本发明提供了一种免疫捕获双重RT‑PCR同步检测百合隐症病毒和百合斑驳病毒的方法，其步骤包括在同一个PCR反应管中用LSV和LMoV的多克隆抗体特异性捕获LSV和LMoV粒子、利用LSV和LMoV的特异性引物进行双重反转录聚合酶链式反应RT‑PCR、琼脂糖凝胶电泳检测目的片段；该方法将ELISA和RT‑PCR结合，对现有的免疫捕获RT‑PCR进行了改进，实现了用免疫捕获RT‑PCR同步检测两种百合病毒LSV和LMoV，从而完善了免疫捕获RT‑PCR技术。

技术领域

本发明涉及一种同步检测百合隐症病毒和斑驳病毒的方法，更进一步涉及一种用免疫捕获双重RT-PCR技术同步检测百合隐症病毒和百合斑驳病毒的方法。

背景技术

百合病毒自20世纪40年代被发现以来，已成为危害百合种球生产和鲜切花品质的世界性病害；至今被发现侵染百合病毒有20多种，其中百合隐症病毒(Lily symptomlessvirus，LSV)和百合斑驳病毒 (Lily mottle virus，LMoV)是发生较普遍、危害严重的2种病毒。
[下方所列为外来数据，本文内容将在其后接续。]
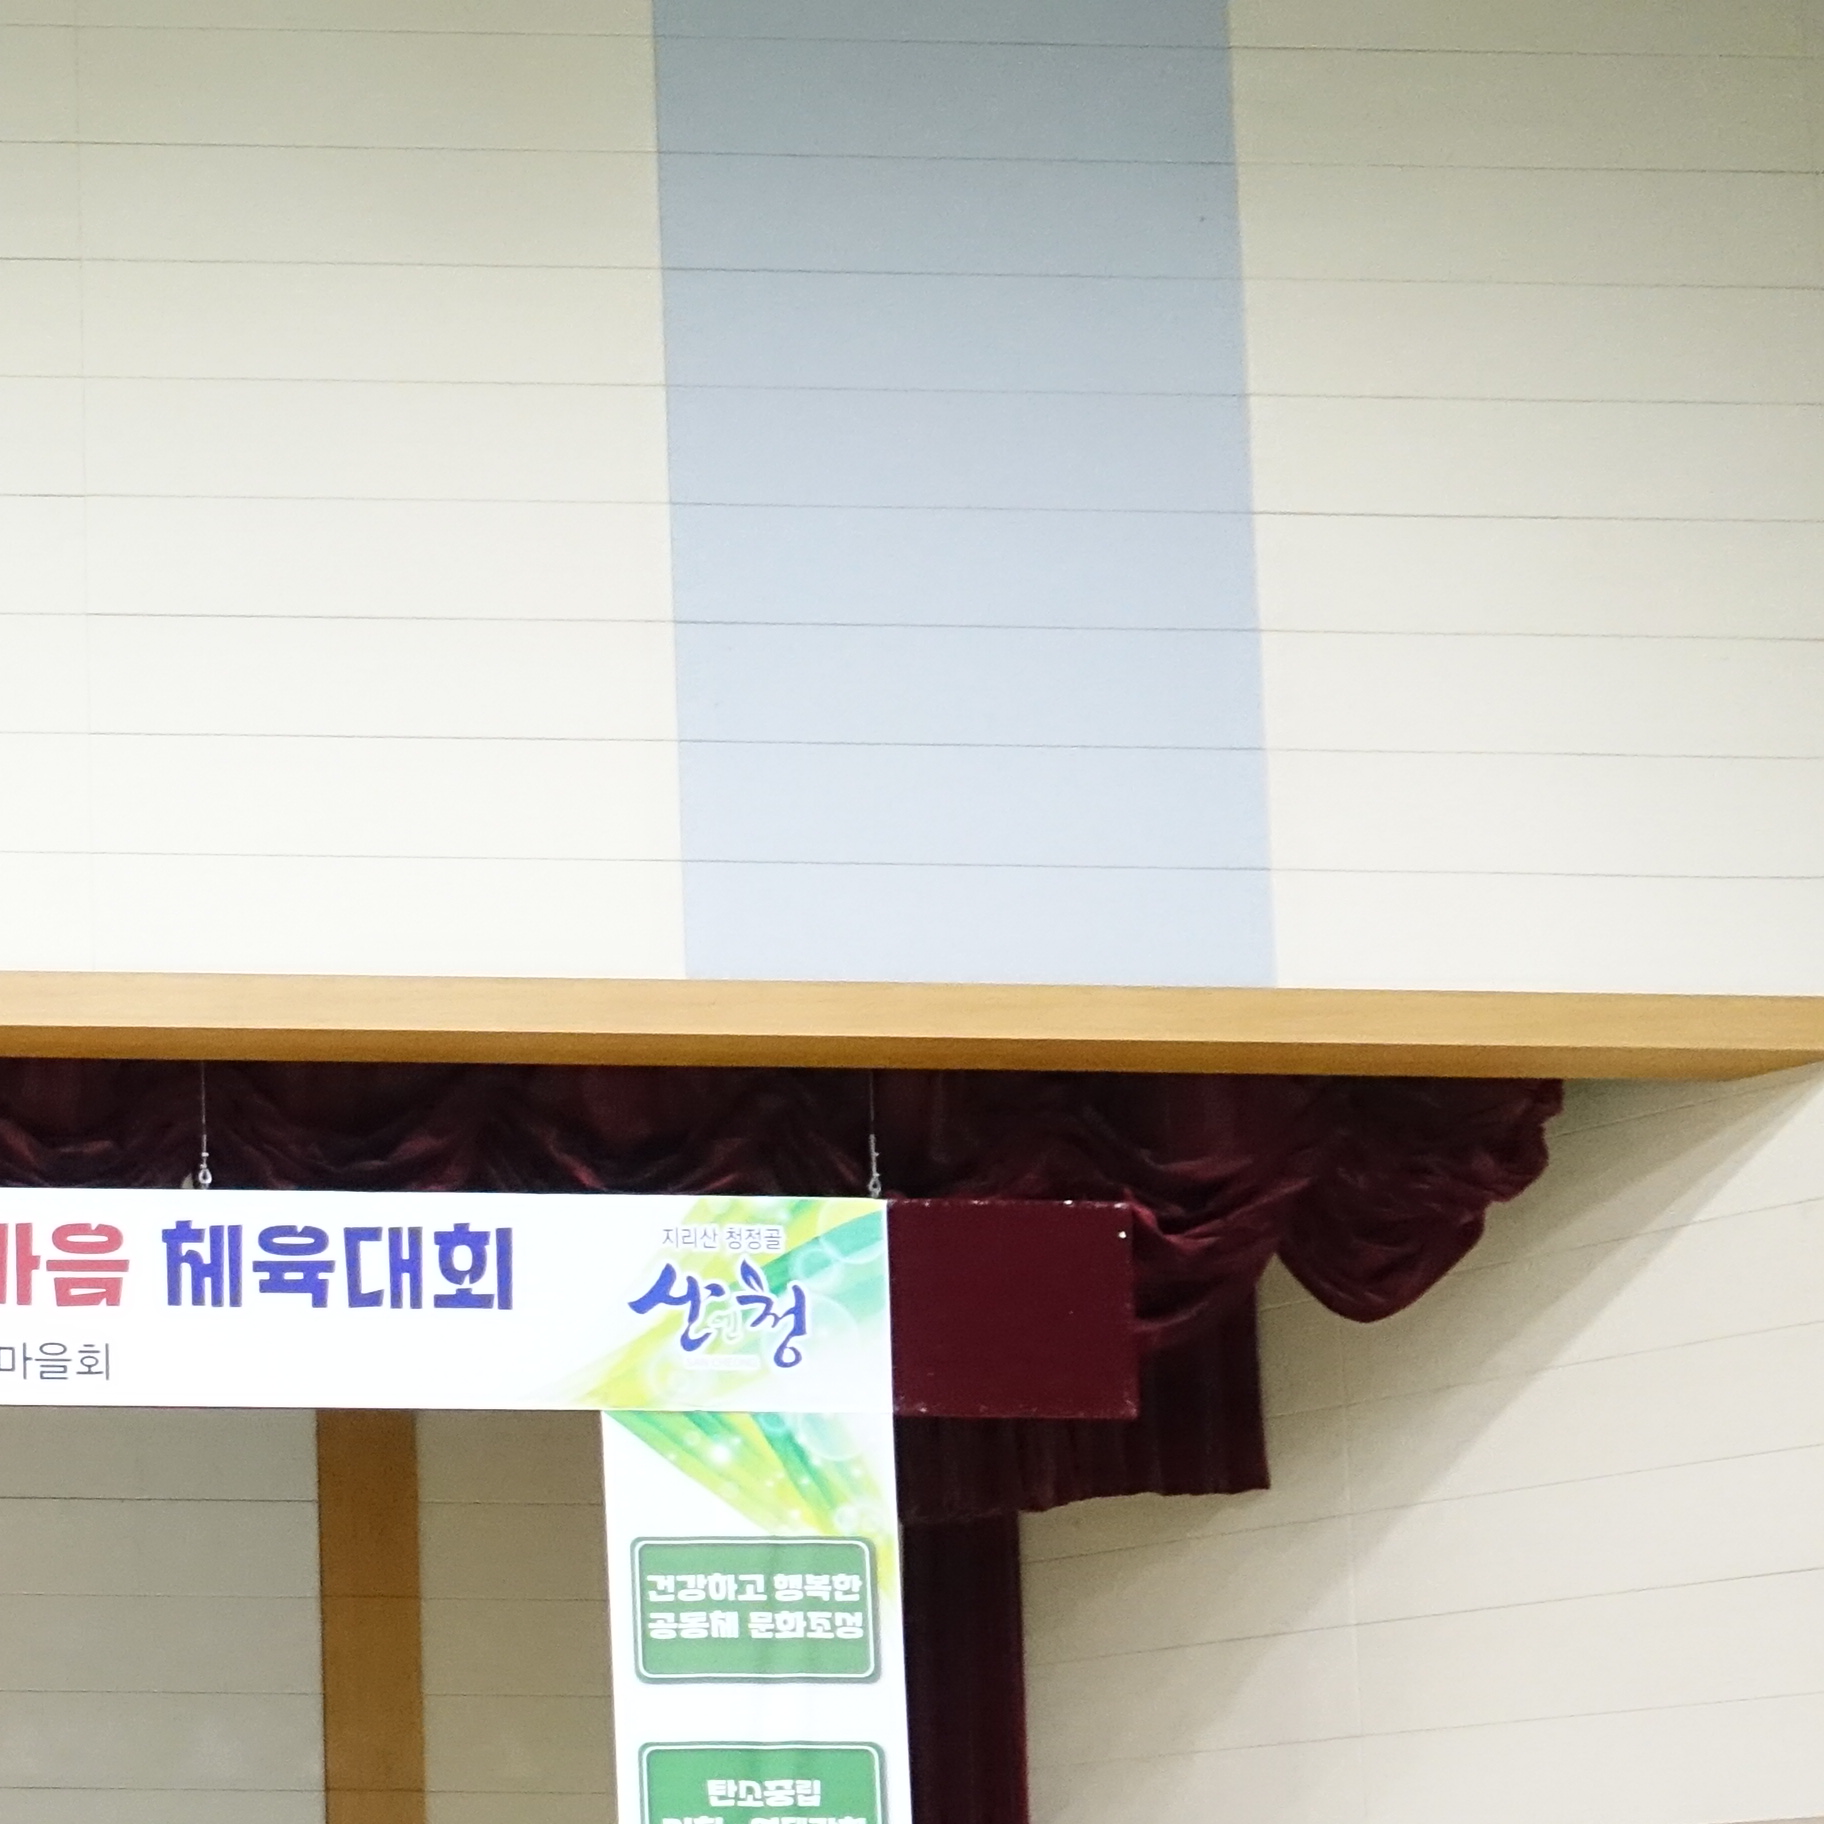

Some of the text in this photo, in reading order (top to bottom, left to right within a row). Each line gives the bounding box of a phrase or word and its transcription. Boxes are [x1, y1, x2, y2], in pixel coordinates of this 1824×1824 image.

LSV属于香石竹潜隐病毒属(Carlavirus)，是正义单链 RNA 病毒；LSV 基因组为不分段 RNA，全长为 8394 bp，5′端含帽子结构，3′端有polyA 尾巴，共有 6 个开放阅读框(ORF)，编码 4 个蛋白，依 5′至 3′分别编码：RNA 依赖的 RNA 聚合酶(RdRp)，三基因连锁结构(TGBp1-3)，外壳蛋白(CP)和核酸结合蛋白；LSV的ORF1为RdRp，编码一个蛋白(220kD)，与病毒在植物体内复制有关；ORF2、ORF3 和 ORF4 分别编码 TGBp1、TGBp2 和 TGBp3(25 kD，12 kD，7 kD)，是病毒在宿主体内运动的 3 个基因序列互相重叠的运动蛋白(MP)；ORF5为CP，编码唯一参与病毒颗粒形态构成的蛋白质(32kD)；ORF6推测是核酸结合蛋白(16kD)，该蛋白含有一个CysZ-CysZ结构的锌指结构域。

LMoV属于马铃薯Y病毒科、马铃薯Y病毒属（Potyvirus），病毒粒子为弯曲线状且呈螺旋对称，大小（650～900）nm ×（11～15）nm；病毒基因组为单分子正链RNA，约9.4kb，具有potyvirus属成员的典型基因组结构特征，包括一个Poly（A）尾巴，编码一个由3095个氨基酸组成的分子量为351.0 kDa的多聚蛋白；多聚蛋白通过自我剪切后形成外壳蛋白（CP）等10个不同大小的功能蛋白；LMoV CP亚基由274 aa组成，大小为30kDa左右，组装成外壳包裹病毒RNA。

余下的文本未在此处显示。